TASK BRIEF: Retype the following data exactly, but leave its pictures out.

Saved entries
━━━

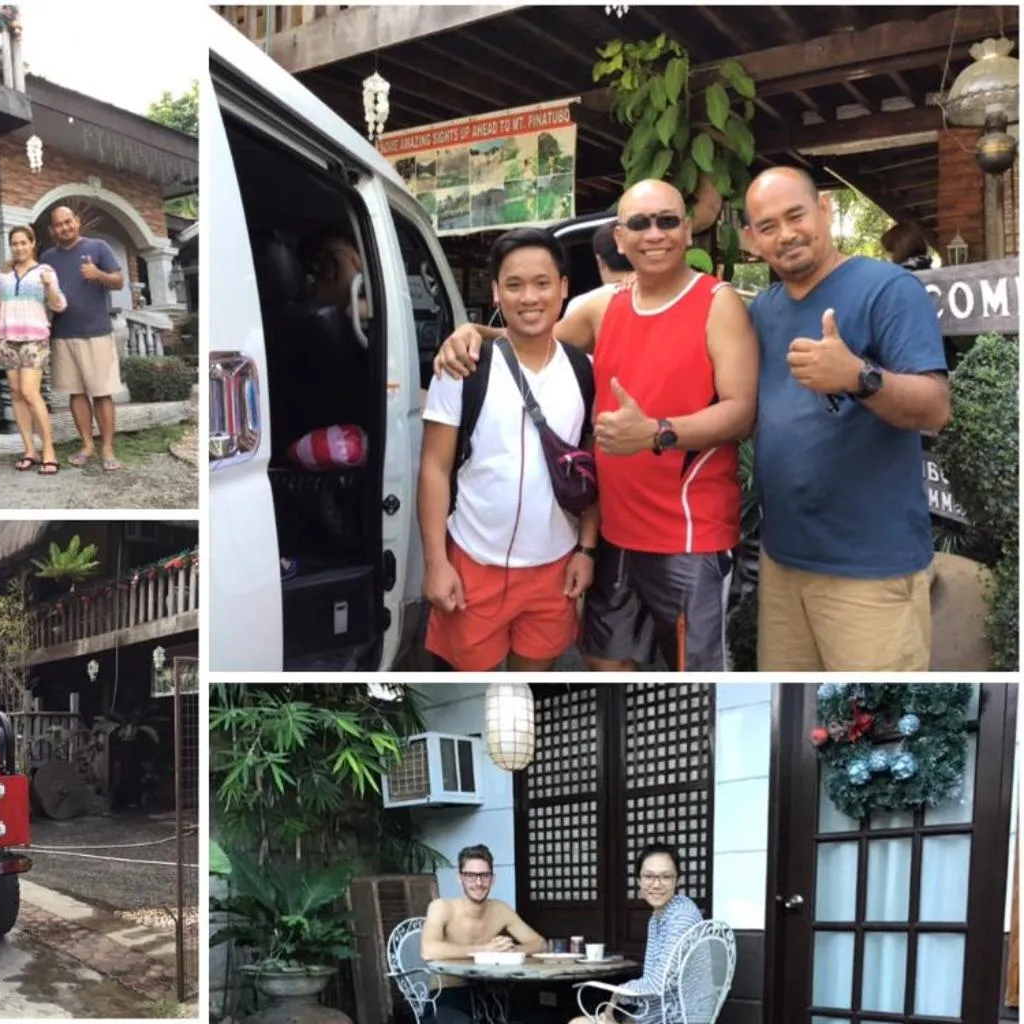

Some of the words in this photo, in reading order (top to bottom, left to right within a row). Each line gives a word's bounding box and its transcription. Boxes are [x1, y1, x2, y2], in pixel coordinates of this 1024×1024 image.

[432, 128, 458, 145] SIGHTS
[460, 125, 471, 139] UP
[472, 120, 497, 136] AHEAD
[498, 119, 510, 133] TO
[527, 108, 570, 127] PINATUBO
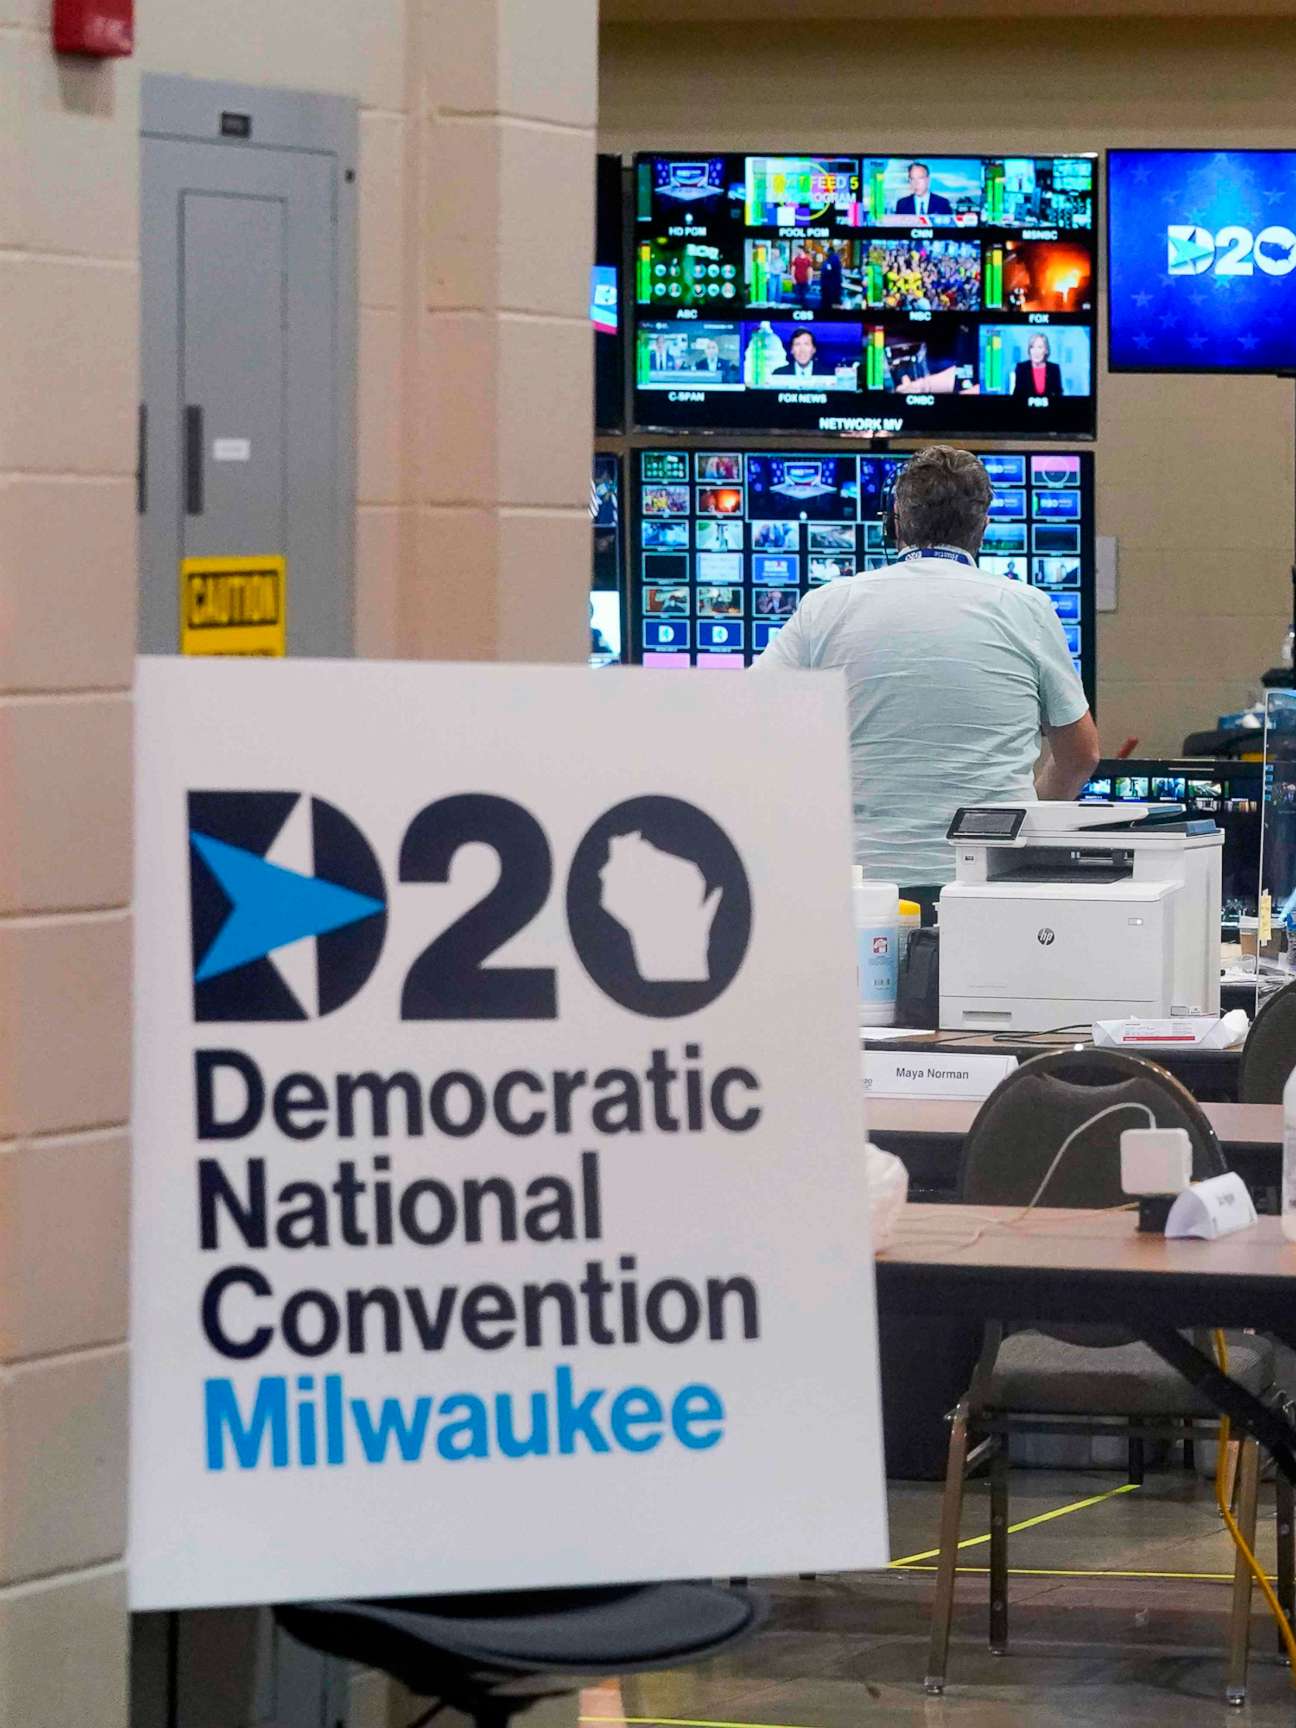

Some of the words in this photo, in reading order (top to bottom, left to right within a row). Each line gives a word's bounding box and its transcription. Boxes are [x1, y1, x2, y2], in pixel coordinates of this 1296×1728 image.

[850, 176, 859, 188] 5
[779, 228, 806, 238] POOL
[807, 228, 830, 238] PGM
[911, 228, 934, 239] CNN
[1022, 230, 1059, 240] MSNBC
[676, 309, 698, 319] ABC
[792, 310, 814, 320] CBS
[909, 312, 932, 322] NBC
[1029, 313, 1049, 323] FOX
[668, 391, 706, 402] C-SPAN
[778, 393, 799, 403] FOX
[799, 393, 828, 404] NEWS
[906, 395, 935, 406] CNBC
[1028, 396, 1049, 407] PBS
[819, 417, 881, 430] NETWORK
[882, 418, 904, 431] MV
[186, 788, 752, 1024] D20
[896, 1067, 924, 1081] Maya
[927, 1068, 970, 1080] Norman
[193, 1044, 763, 1142] Democratic
[196, 1150, 604, 1252] National
[201, 1255, 761, 1361] Convention
[202, 1364, 728, 1473] Milwaukee

━━━

ANSWER FOR THE TASK:
Some of the words in this photo, in reading order (top to bottom, left to right within a row). Each line gives a word's bounding box and its transcription. Boxes are [x1, y1, x2, y2], in pixel coordinates of this 1024×1024 image.

[432, 128, 458, 145] SIGHTS
[460, 125, 471, 139] UP
[472, 120, 497, 136] AHEAD
[498, 119, 510, 133] TO
[527, 108, 570, 127] PINATUBO

Some of the words in this photo, in reading order (top to bottom, left to right within a row). Each line gives a word's bounding box and its transcription. Boxes are [x1, y1, x2, y2], in pixel coordinates of this 1296×1728 image.

[850, 176, 859, 188] 5
[779, 228, 806, 238] POOL
[807, 228, 830, 238] PGM
[911, 228, 934, 239] CNN
[1022, 230, 1059, 240] MSNBC
[676, 309, 698, 319] ABC
[792, 310, 814, 320] CBS
[909, 312, 932, 322] NBC
[1029, 313, 1049, 323] FOX
[668, 391, 706, 402] C-SPAN
[778, 393, 799, 403] FOX
[799, 393, 828, 404] NEWS
[906, 395, 935, 406] CNBC
[1028, 396, 1049, 407] PBS
[819, 417, 881, 430] NETWORK
[882, 418, 904, 431] MV
[186, 788, 752, 1024] D20
[896, 1067, 924, 1081] Maya
[927, 1068, 970, 1080] Norman
[193, 1044, 763, 1142] Democratic
[196, 1150, 604, 1252] National
[201, 1255, 761, 1361] Convention
[202, 1364, 728, 1473] Milwaukee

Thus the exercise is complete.